Tu hai voluto donare alla Chiesa, attraverso San Giovanni Maria Vianney, un’immagine viva di Te, ed una personificazione della Tua carità pastorale.
Aiutaci, in sua compagnia ed assistiti dal suo esempio, a vivere bene quest’Anno Sacerdotale.

Fa che possiamo imparare dal Santo Curato d’Ars il modo di trovare la nostra gioia restando a lungo in adorazione davanti al Santissimo Sacramento; come la Tua Parola che ci guida sia semplice e quotidiana; con quale tenerezza il Tuo Amore accolga i peccatori pentiti; quanto sia consolante l’abbandono fiducioso alla Tua Santissima Madre Immacolata; quanto sia necessario lottare con vigilanza contro il Maligno.

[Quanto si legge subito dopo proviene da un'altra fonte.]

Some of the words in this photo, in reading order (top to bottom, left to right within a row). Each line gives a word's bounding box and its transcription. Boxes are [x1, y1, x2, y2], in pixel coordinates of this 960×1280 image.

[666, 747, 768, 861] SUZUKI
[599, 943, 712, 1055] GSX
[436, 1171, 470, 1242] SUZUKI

Fa, o Signore Gesù, che i nostri giovani possano apprendere dall’esempio del Santo Curato d’Ars, quanto sia necessario, umile e glorioso il ministero sacerdotale che Tu vuoi affidare a quelli che si aprono alla Tua chiamata.
Fa che nelle nostre comunità – come ad Ars a quel tempo – ugualmente si realizzino quelle meraviglie di grazia che Tu compi quando un sacerdote sa “mettere l’amore nella sua parrocchia”.

Fa che le nostre famiglie cristiane si sentano parte della Chiesa – dove possono sempre ritrovare i Tuoi ministri – e sappiano rendere le loro case belle come una chiesa.

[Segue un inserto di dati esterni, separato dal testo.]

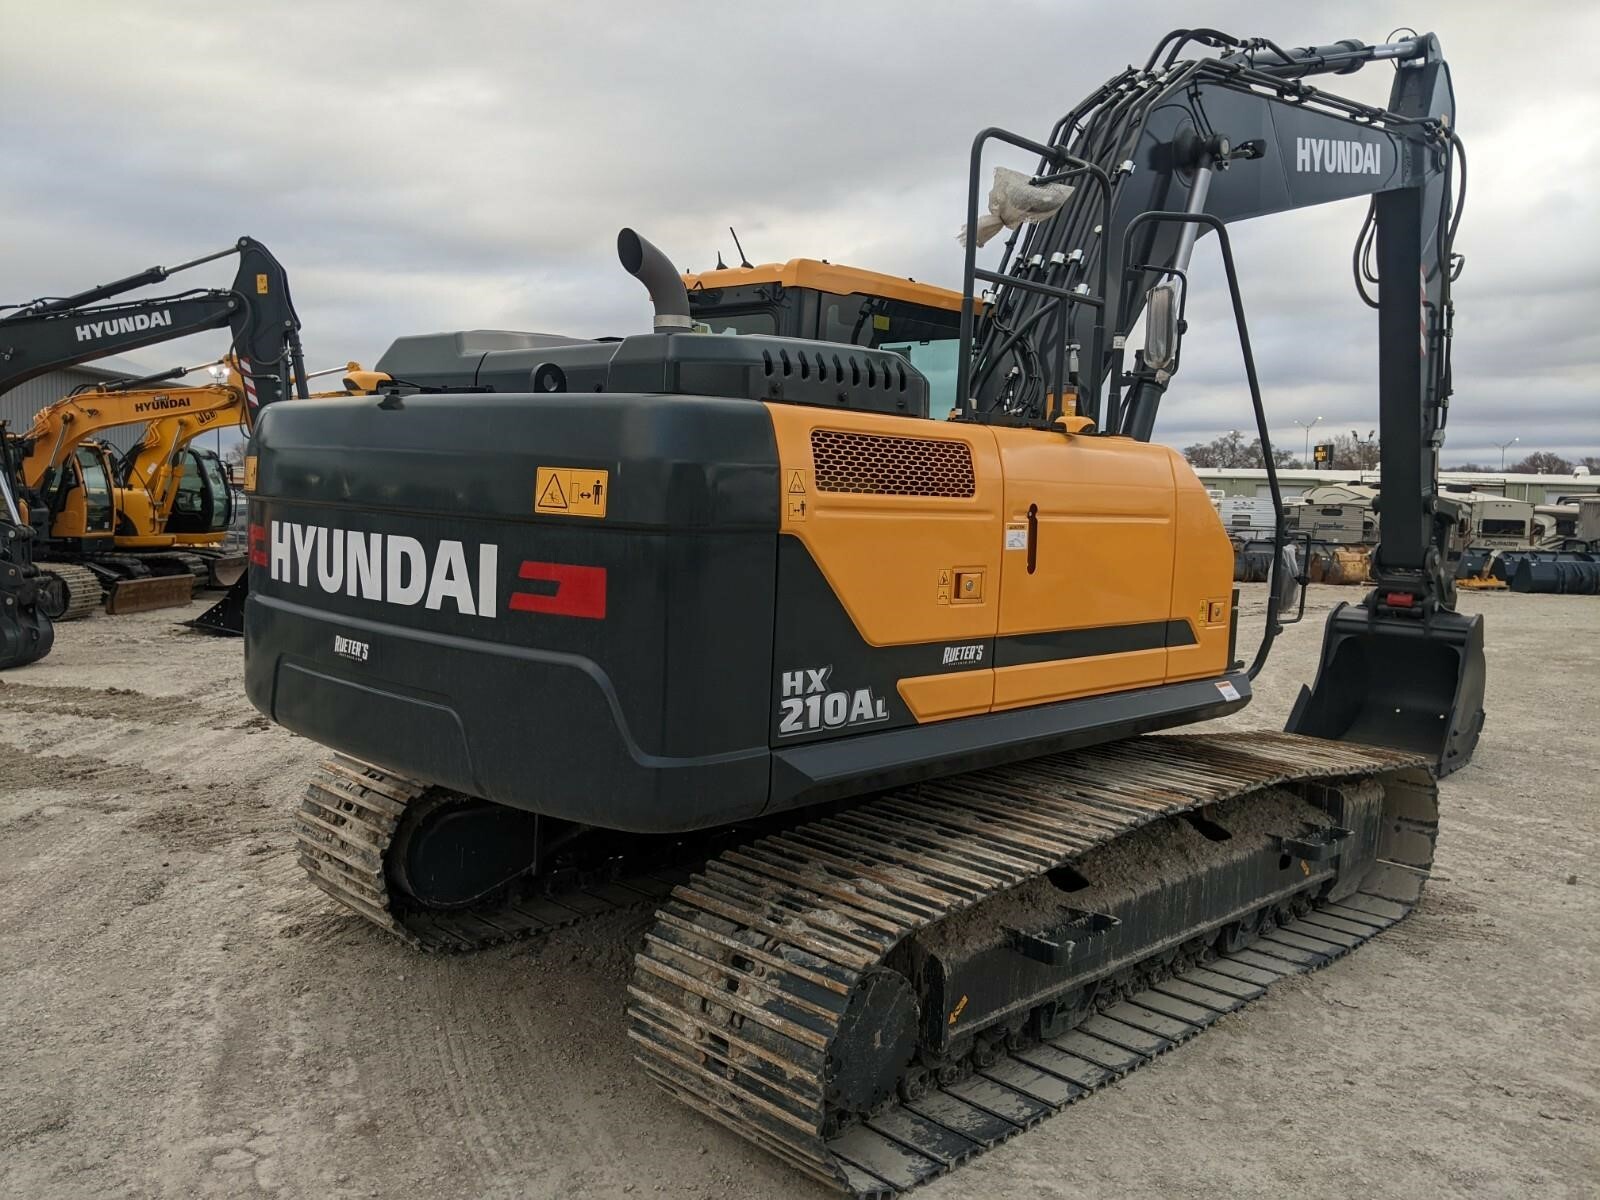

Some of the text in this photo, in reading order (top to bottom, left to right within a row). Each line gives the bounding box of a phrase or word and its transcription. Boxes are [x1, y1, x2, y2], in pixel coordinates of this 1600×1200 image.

[1296, 137, 1381, 175] HYUNDAI
[75, 310, 173, 342] HYUNDAI
[135, 397, 191, 413] HYUNDAI
[197, 409, 216, 424] JCB
[271, 520, 498, 618] HYUNDAI
[334, 635, 369, 660] RUETER'S
[942, 644, 984, 665] RUETER'S
[781, 667, 827, 697] HX

Fa che la carità dei nostri Pastori nutra ed infiammi la carità di tutti i fedeli, affinché tutte le vocazioni e tutti i carismi donati dal Tuo Santo Spirito possano essere accolti e valorizzati.

Ma soprattutto, o Signore Gesù, concedici l’ardore e la verità del cuore perché noi possiamo rivolgerci al Tuo Padre Celeste, facendo nostre le stesse parole che San Giovanni Maria Vianney utilizzava quando si rivolgeva a Lui:

“Vi amo mio Dio, e il mio unico desiderio è di amrVi fino all’ultimo respiro della mia vita.

Vi amo, o Dio infinitamente amabile, e desidero ardentemente di morire amandovi, piuttosto che vivere un solo istante senza amarVi.

Vi amo Signore, e la sola grazia che Vi chiedo è di amarVi in eterno.

Mio Dio, se la mia lingua non può ripetere sempre che io Vi amo, desidero che il mio cuore Ve lo ripeta ad ogni mio respiro.

Vi amo, o mio Divin Salvatore, perché siete stato crocifisso per me;

e perché Voi mi tenete crocifisso quaggiù per Voi.

Mio Dio, fatemi la grazia di morire nel amandoVi e sentendo che io Vi amo”. Amen.